'''

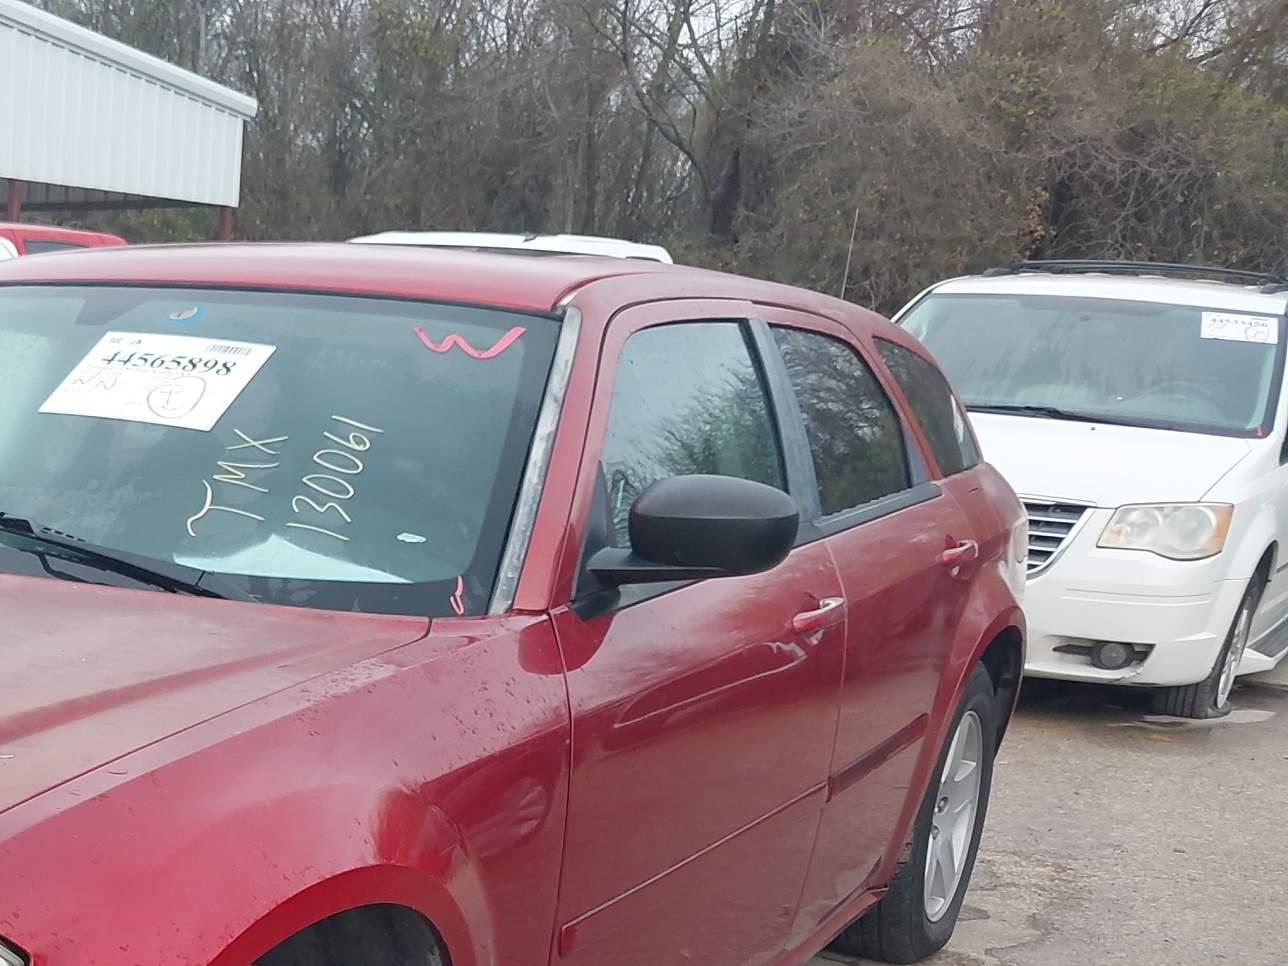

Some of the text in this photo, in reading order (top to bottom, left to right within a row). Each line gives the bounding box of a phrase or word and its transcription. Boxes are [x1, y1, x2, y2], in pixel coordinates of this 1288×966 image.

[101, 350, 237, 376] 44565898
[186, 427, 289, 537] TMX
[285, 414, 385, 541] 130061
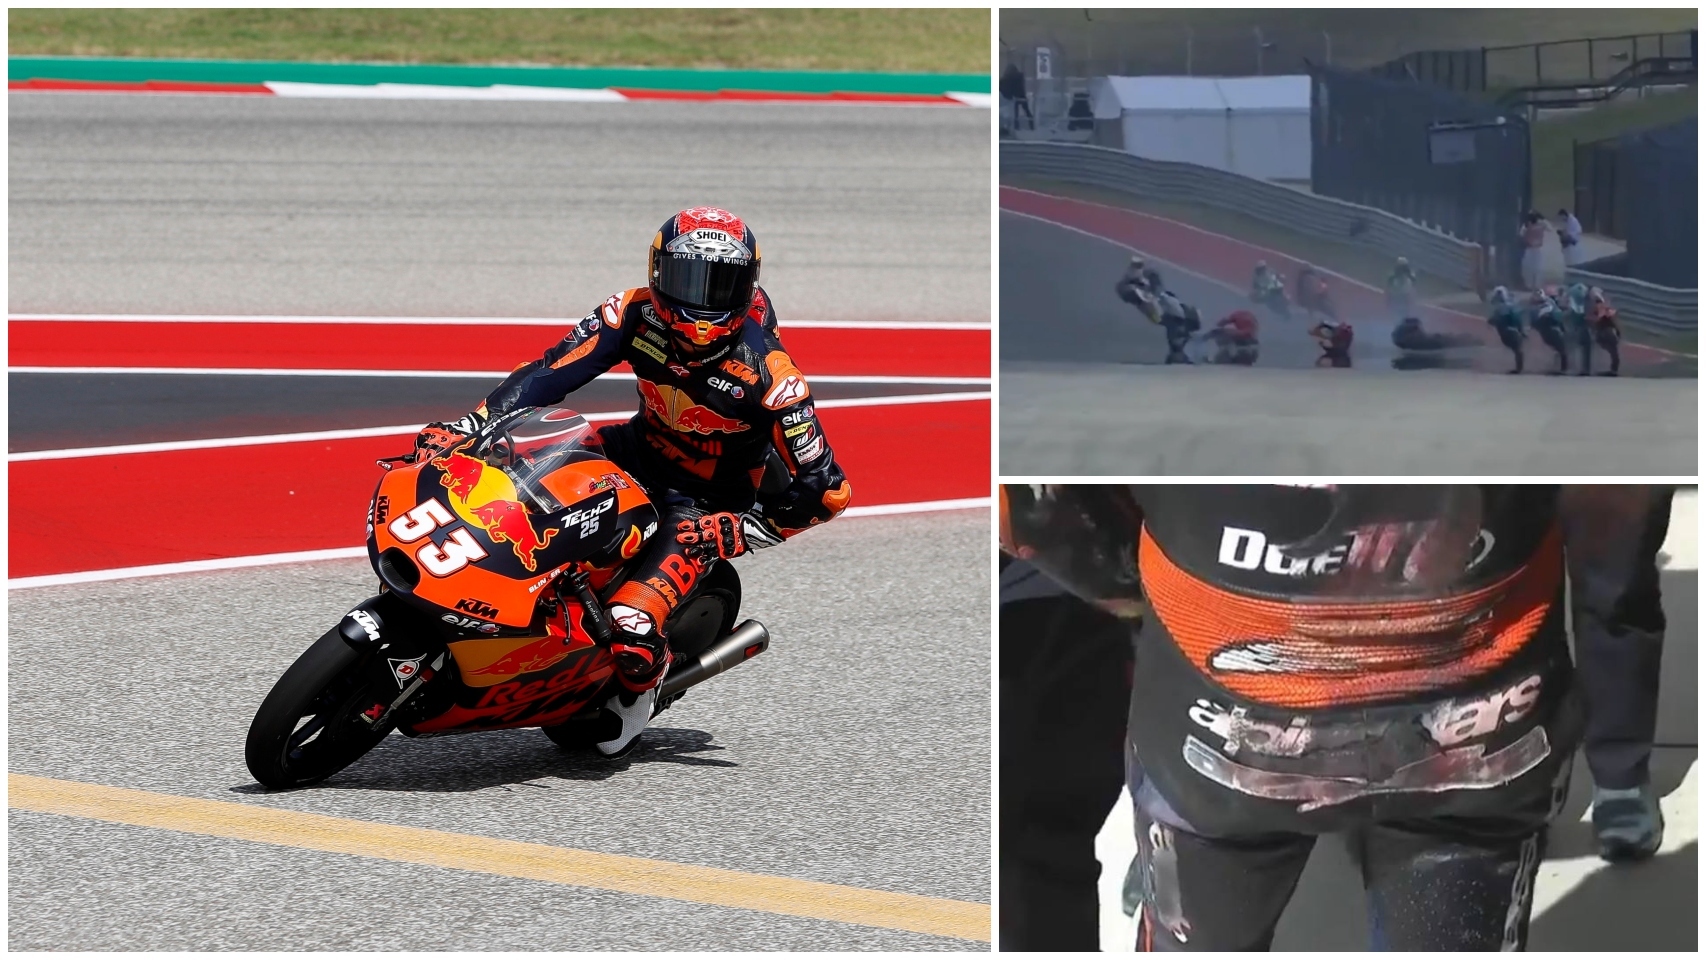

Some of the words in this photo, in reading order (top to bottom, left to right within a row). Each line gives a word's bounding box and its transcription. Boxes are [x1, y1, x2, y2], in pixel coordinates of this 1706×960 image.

'''

# YOUR TASK:
Every record must be copied exactly, with the pictures left out.

# RESULT FOR THIS EXERCISE:
Some of the text in this photo, in reading order (top to bottom, left to right within a row). Each line gives the bounding box of a phrase or word and its transcription. Boxes are [x1, y1, x2, y2], in pixel coordinates of this 1288×966 image.

[101, 350, 237, 376] 44565898
[186, 427, 289, 537] TMX
[285, 414, 385, 541] 130061

Some of the words in this photo, in reading order (top to bottom, left to right within a row). Each line gives a word's bounding box and its transcription. Boxes are [x1, y1, x2, y2], in pixel coordinates of this 1706×960 image.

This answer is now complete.